GHCR-Hook

Keep your local Docker images & containers in sync with GitHub's Container Registry using webhooks.

The server reacts to webhooks from GitHub with the event package.published. If everything checks out it proceeds to download the new image & restart every container with the same configuration it was started except for the new image.

Limitations

• There has to be at least one Container running using the image to be reloaded.
• Currently does not support versioned images. E.g. upgrade from 1.1 to 1.2 wont work.
• If something goes wrong there is no recovery!

Usage

Configuration

Required

• WEBHOOK_SECRET (or WEBHOOK_SECRET_FILE)

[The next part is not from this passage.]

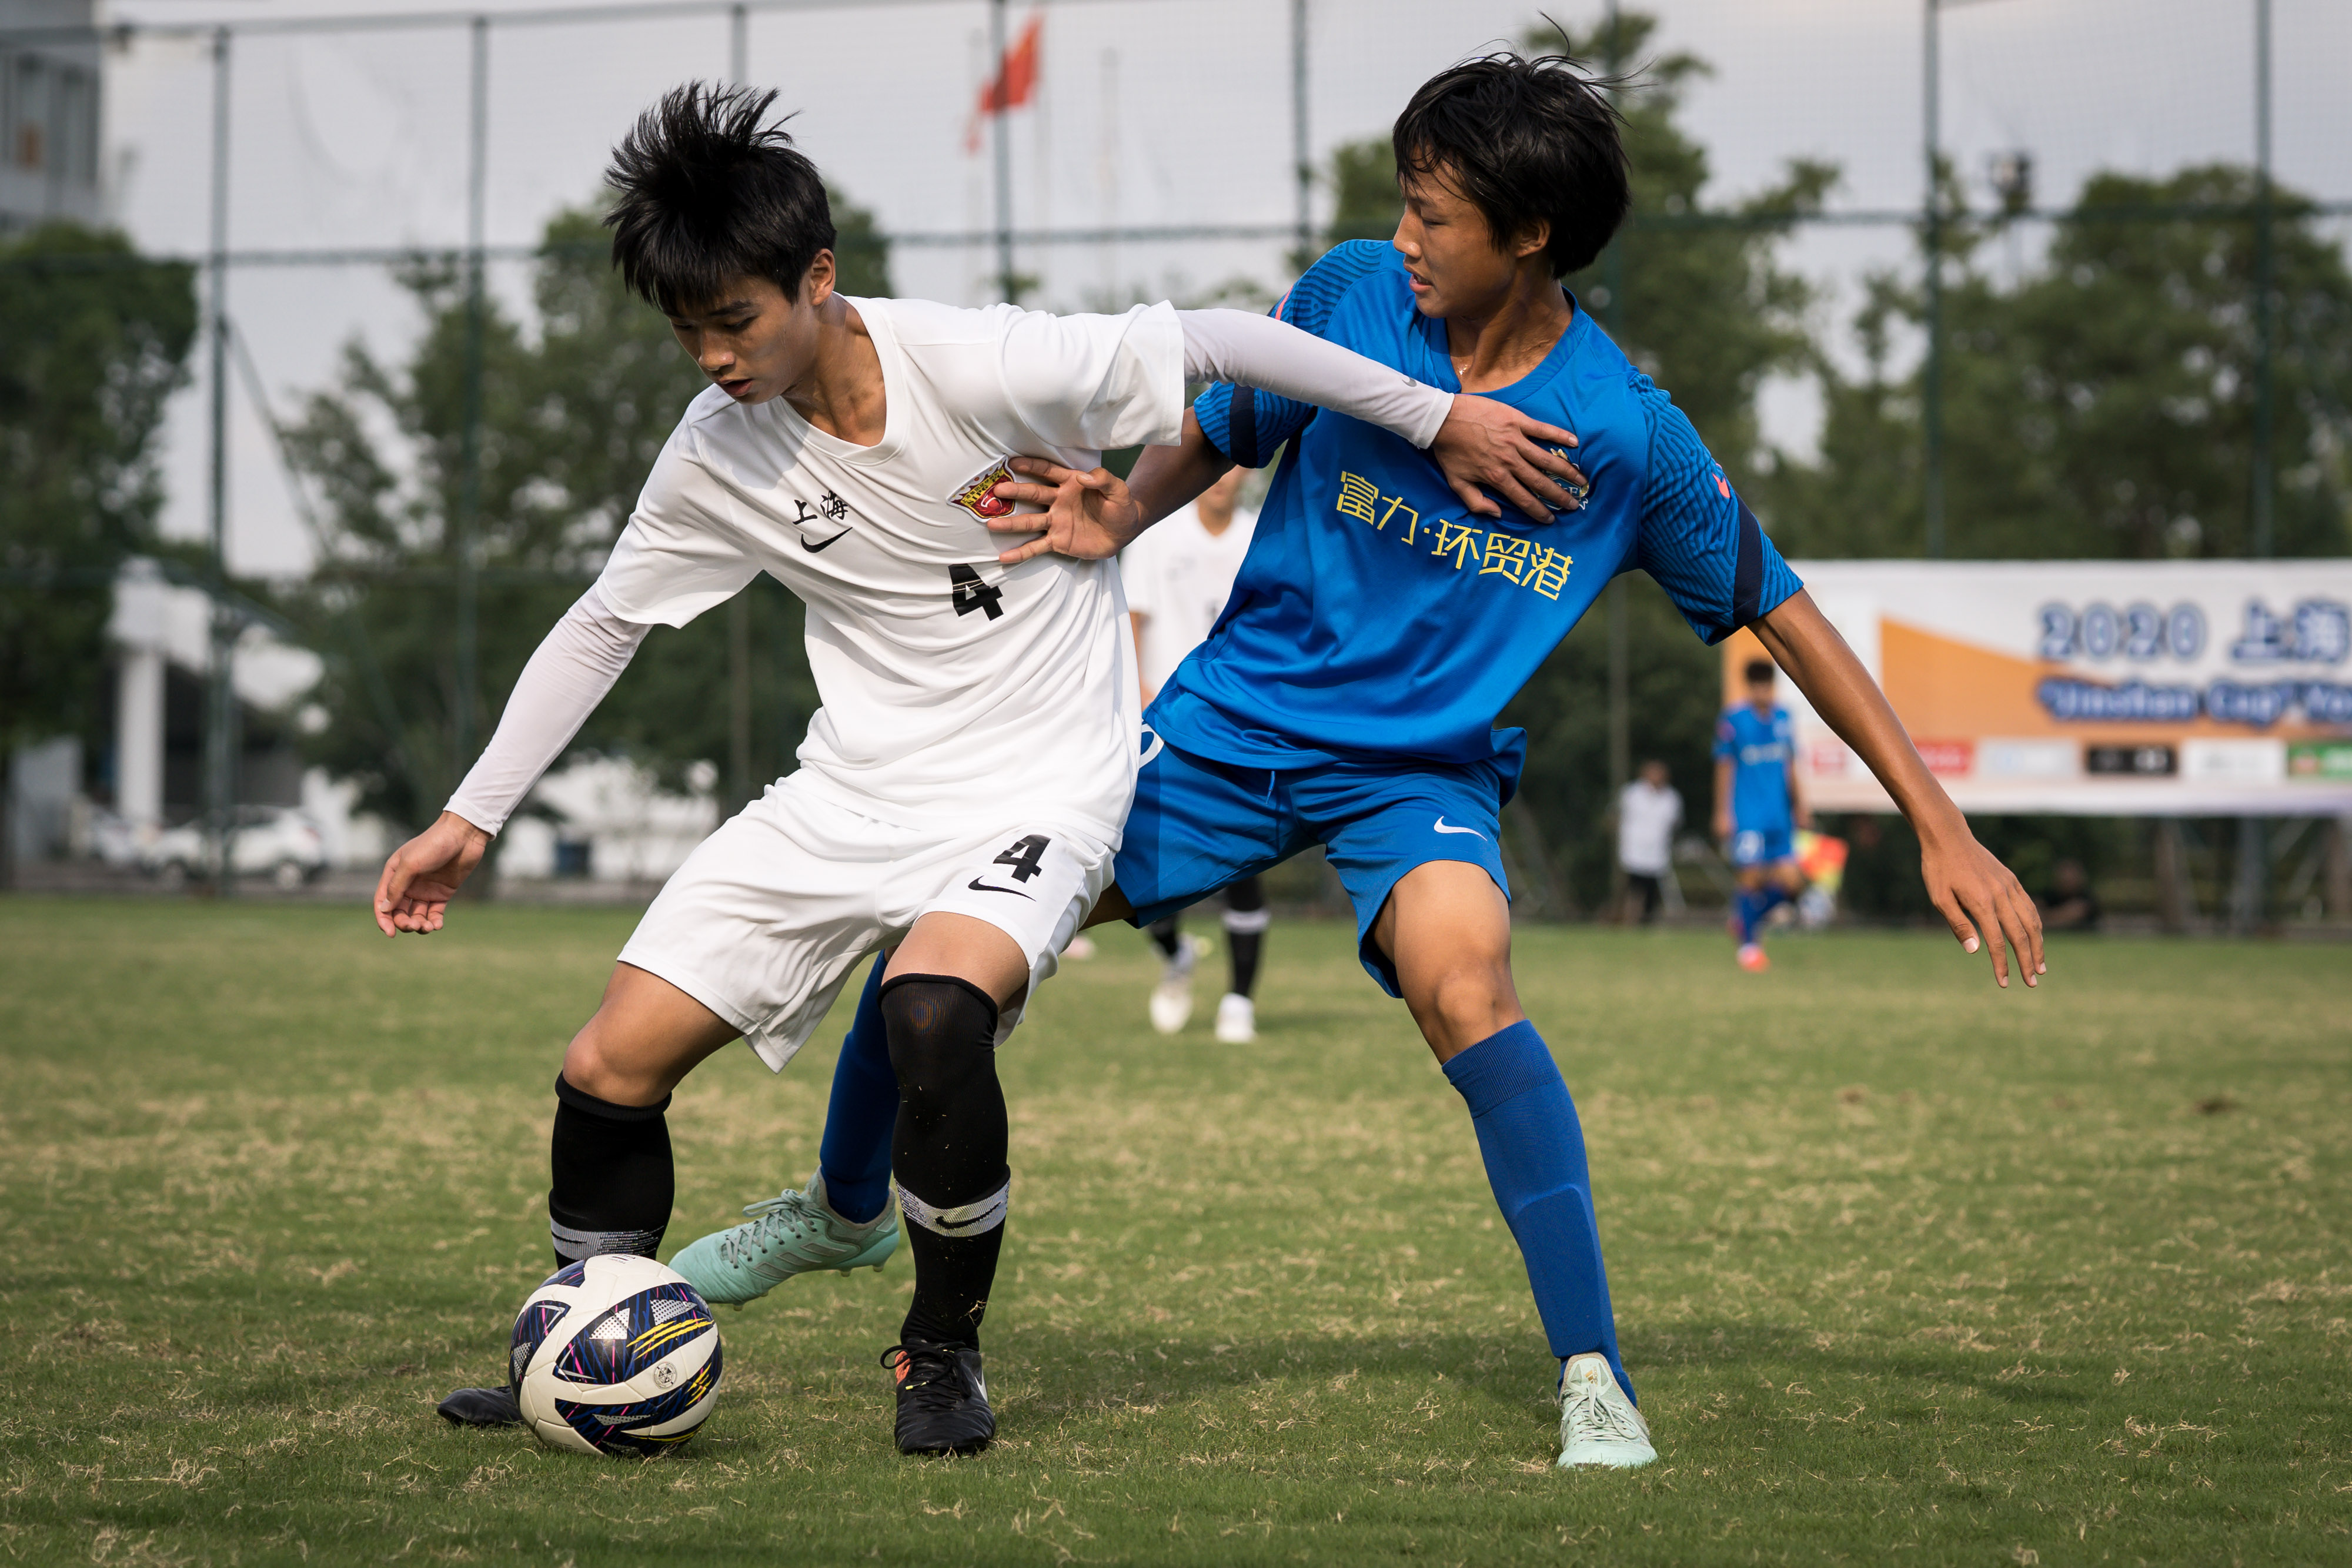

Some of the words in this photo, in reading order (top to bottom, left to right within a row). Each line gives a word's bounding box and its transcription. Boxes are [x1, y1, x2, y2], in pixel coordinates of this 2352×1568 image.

For full configuration & defaults see: src/utils/config.ts

Run with Docker

Create webhook secret.

echo $(openssl rand -base64 32 | tr -d '\n') > webhook.secret

Create docker-compose.yml.

version: '3.8'

secrets:
  webhook:
    file: ./webhook.secret

services:
  webhooks:
    image: ghcr.io/lucarickli/ghcr-hook
    secrets:
      - webhook
    environment:
      WEBHOOK_SECRET_FILE: /run/secrets/webhook
      # Can also be set without docker secret.
      # WEBHOOK_SECRET: ${WEBHOOK_SECRET:?WEBHOOK_SECRET is required!}
    volumes:
      - /var/run/docker.sock:/var/run/docker.sock
      - ./logs:/home/logs
    ports:
      - 8000:8000

Start container.

docker compose up

Run locally

cp example.env .env

Edit WEBHOOK_SECRET inside .env to prevent attackers from accessing this endpoint!

npm i
npm run build
npm start

Development

npm run dev
npm run dev:debug # With debugging

Add container to sync

1. Pull the docker image you want to sync to your server.
2. Start at least one container using this image.
3. Add a webhook to your GitHub repo.
   • Set Payload Url to your server.
   • Set Webhook Secret to your generated secret.
   • Set Content type to applications/json.
   • Select individual events and remove everything except packages.

Todo's

• Add version control with downgrade protection.